The lump was back in her throat. “But-he was magnificent. Wolves are brave, and loyal, and intelligent...That’s a fine Patronus.” And a wolf was not a werewolf.

Remus shrugged, and managed a very crooked smile. “It’s not so convenient, really, being forcibly reminded of the part of me I least like to think about.”

There wasn’t a whole lot she could say to that.

He sighed, shoving his hands deep into his pockets once more. “It truly is getting late, Tonks. I’ll see you in a couple of days, for the mission briefing, all right?”

It was not all right. She didn’t want this evening to end, not when they were mourning Sirius together. Not when she had felt Remus’s hand catch her elbow, his back press against her shoulders, his fingers brush past hers. Not when the air around them was still clammy from the dementors’ attack, and the light in Remus’s eyes that he had first found and then lost at the Three Broomsticks had never come back.

Not when he had only called her Nymphadora once.

“Yeah,” she said, swallowing. “See you Friday.”

“Good night.” He gave her another almost-smile, and Disapparated on the spot.

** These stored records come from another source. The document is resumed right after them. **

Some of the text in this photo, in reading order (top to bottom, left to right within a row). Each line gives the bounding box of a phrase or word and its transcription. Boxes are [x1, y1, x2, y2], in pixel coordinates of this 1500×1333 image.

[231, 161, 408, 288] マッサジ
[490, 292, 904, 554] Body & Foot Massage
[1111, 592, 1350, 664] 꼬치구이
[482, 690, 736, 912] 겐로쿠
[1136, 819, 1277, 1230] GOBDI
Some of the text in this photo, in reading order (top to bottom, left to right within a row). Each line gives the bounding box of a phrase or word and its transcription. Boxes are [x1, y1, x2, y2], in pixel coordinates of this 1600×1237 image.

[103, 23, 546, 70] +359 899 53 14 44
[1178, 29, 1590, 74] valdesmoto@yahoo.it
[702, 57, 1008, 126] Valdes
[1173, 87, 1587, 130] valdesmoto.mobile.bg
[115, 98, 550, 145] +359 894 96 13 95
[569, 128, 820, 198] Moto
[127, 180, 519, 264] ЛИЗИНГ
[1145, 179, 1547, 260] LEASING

Tonks stared at the place where he had stood, stiff with shame, turning away from his own Patronus. His Patronus. One of the strongest forms of protective magic-the very embodiment of positive emotions. Her hare made her smile when she conjured it, made her feel warm and safe and lucky.

But Remus-far from taking comfort in his Patronus-couldn’t even stand the sight of it.

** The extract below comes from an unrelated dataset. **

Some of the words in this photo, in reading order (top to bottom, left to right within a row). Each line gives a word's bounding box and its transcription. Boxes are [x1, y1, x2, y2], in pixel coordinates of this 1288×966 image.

She pressed her fist against her mouth and bit her knuckle, hard. Because she would not cry.

~ * ~

“Security question, dear!” called Molly through the Burrow’s back door on Friday evening. “What did you trip over at headquarters last year?”

“There’d be a few things to choose from!” Tonks kept her voice light, even though thinking about last year, and the home she had unexpectedly found in that musty old house, made her heart hurt. “But you probably mean the troll’s-foot umbrella stand?”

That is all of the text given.